Youtube seems to be automatically censoring any discussion on the Gaza invasion

Like, I know YouTube has always censored comments in general, but it’s getting worse.

I wrote a comment on the clip by MSNBC on youtube titled “Police pepper spray pro-Palestinian protestors in D.C.”

I didn’t call for violence, and my message wasn’t pro-Hamas. I can’t remember the exact text, but it was something akin to:

'I’m sick of this. I’m just so sick of this. People can care about the lives of more than one group of people.

I care about Israeli civilians. I care about Palestinian civilians. I don’t care about Israel attacking Hamas; all I want is for Israel to stop killing innocent civilians.

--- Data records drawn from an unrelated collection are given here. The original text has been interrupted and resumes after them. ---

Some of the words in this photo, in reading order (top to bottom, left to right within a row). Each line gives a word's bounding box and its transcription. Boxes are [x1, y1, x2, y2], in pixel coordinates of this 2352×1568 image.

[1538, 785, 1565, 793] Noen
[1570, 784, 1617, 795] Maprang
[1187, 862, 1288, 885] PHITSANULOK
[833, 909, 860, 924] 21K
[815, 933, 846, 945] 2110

The attacks by Hamas don’t give Israel a carte blanch to murder Palestinian civilians.

(Can’t remember this bit exactly) Joe, I hope your ratings take a dive to get you laughed off the air; you’re acting no different to Hamas Mickey Mouse calling for the death of civilians.’

I don’t support rioting, but I’m sick of these idiots like Joe Scarborough constantly conflating protests of the Israeli government’s actions with bigotry against the Jewish people.

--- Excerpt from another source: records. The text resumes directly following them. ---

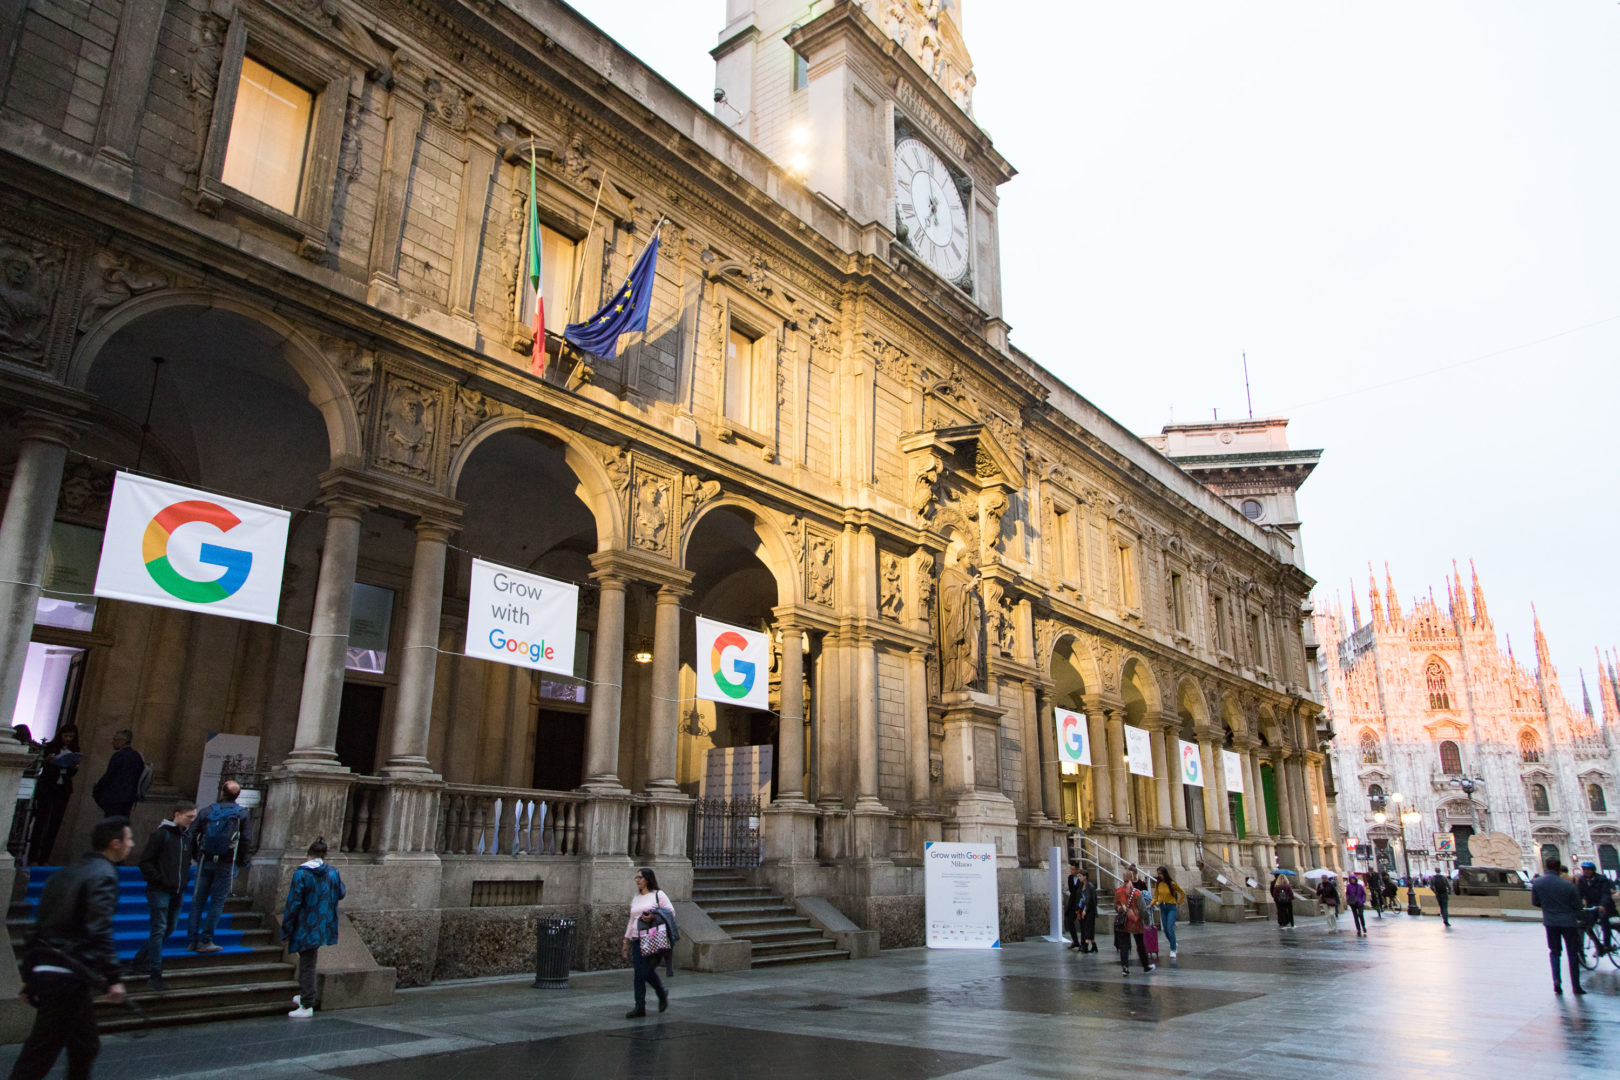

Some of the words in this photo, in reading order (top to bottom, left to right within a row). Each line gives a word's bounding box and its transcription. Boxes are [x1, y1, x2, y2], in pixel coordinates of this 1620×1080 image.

[142, 500, 253, 603] G
[493, 572, 543, 601] Grow
[491, 602, 531, 626] with
[488, 627, 555, 664] Google
[711, 632, 756, 699] G
[1063, 715, 1082, 760] G
[1183, 745, 1198, 782] G
[930, 851, 950, 859] Grow
[950, 851, 966, 859] with
[966, 851, 991, 862] Google

YouTube is letting spam and bland right-wing comments run wild while censoring any comments against violence.

I noticed the feeds suppressing any protesting at all. YouTube needs to be removed from Alphabet and turned into a public utility or boycotted severely.

It would appear they are attempting to put us in a grey-out starting around 8 days ago. Alphabet is doing some sinister things it would appear.

They are using AI to do this moderation. This is a product of what happens when you allow economic capture of the media, have we not learned?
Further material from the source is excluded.